▶ Exercise instructions
All records below are to be transcribed exactly, with every picture left out.

▶ Recorded information
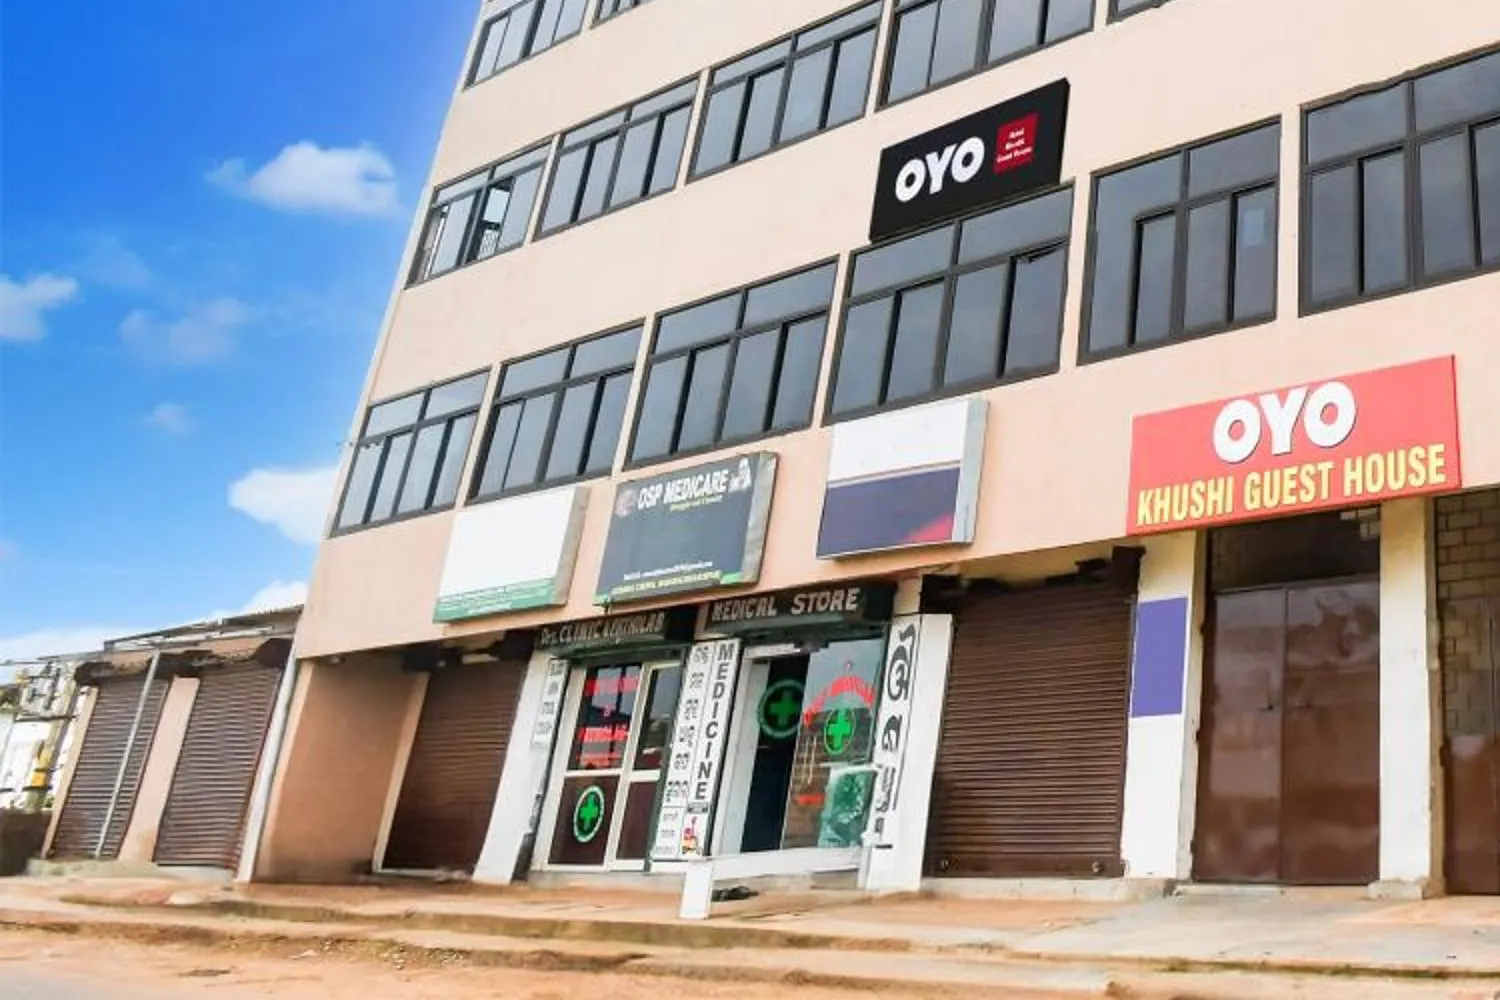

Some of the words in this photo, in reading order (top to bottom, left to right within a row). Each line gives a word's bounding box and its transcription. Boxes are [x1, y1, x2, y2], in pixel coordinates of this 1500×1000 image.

[895, 136, 985, 202] OYO
[1213, 381, 1357, 464] OYO
[663, 468, 729, 504] MEDICARE
[1136, 476, 1234, 526] KHUSHI
[1244, 461, 1335, 511] GUEST
[1343, 443, 1446, 497] HOUSE
[711, 597, 778, 622] MEDICAL
[790, 587, 861, 615] STORE
[695, 643, 735, 801] MEDICINE
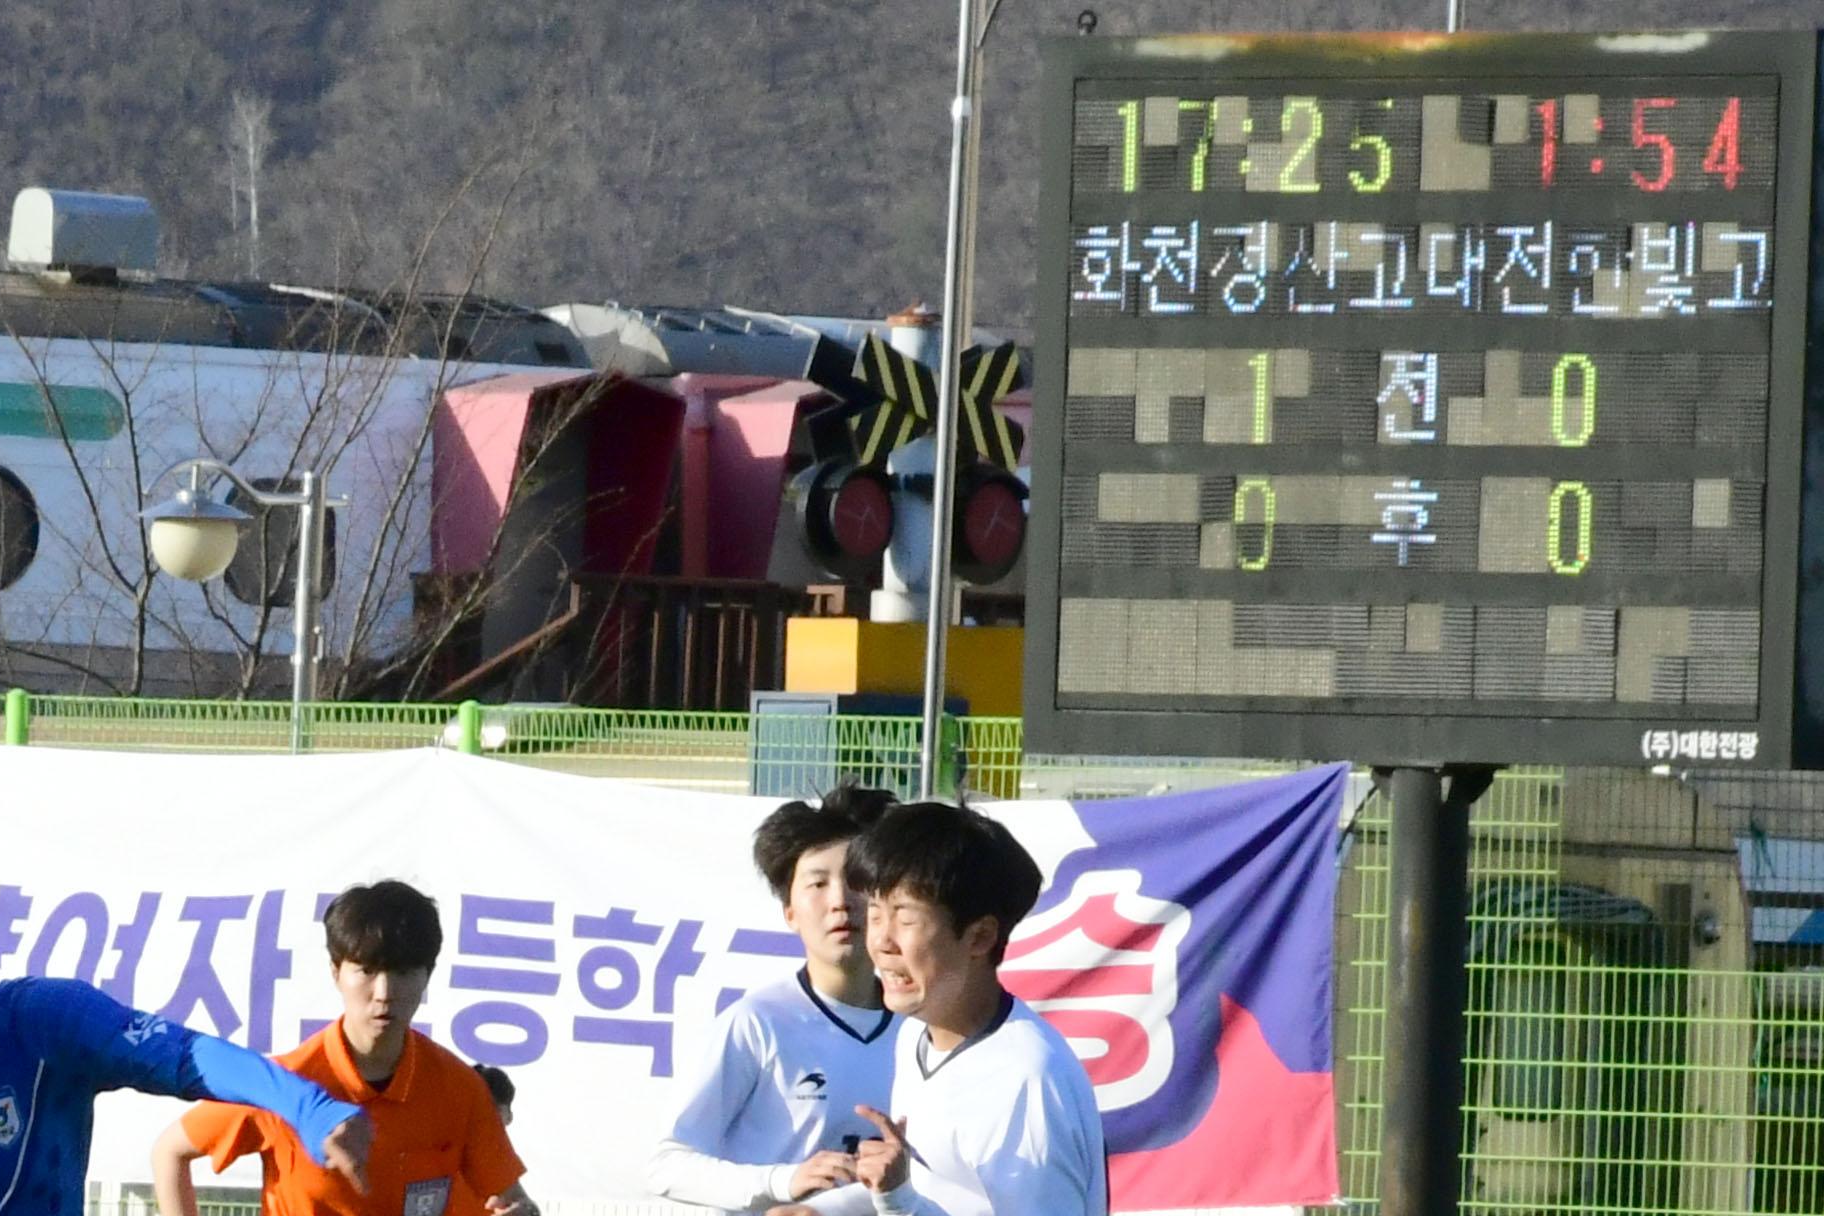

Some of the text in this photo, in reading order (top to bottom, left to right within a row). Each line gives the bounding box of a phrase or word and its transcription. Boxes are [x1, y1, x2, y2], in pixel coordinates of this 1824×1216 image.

▶ Your solution
Some of the words in this photo, in reading order (top to bottom, left to right within a row). Each line gives a word's bounding box and its transcription. Boxes are [x1, y1, x2, y2], in pixel coordinates of this 1500×1000 image.

[895, 136, 985, 202] OYO
[1213, 381, 1357, 464] OYO
[663, 468, 729, 504] MEDICARE
[1136, 476, 1234, 526] KHUSHI
[1244, 461, 1335, 511] GUEST
[1343, 443, 1446, 497] HOUSE
[711, 597, 778, 622] MEDICAL
[790, 587, 861, 615] STORE
[695, 643, 735, 801] MEDICINE

Some of the text in this photo, in reading order (top to bottom, left to right within a row). Each line gives the bounding box of a phrase or word and its transcription. Boxes are [x1, y1, x2, y2], in pixel coordinates of this 1824×1216 image.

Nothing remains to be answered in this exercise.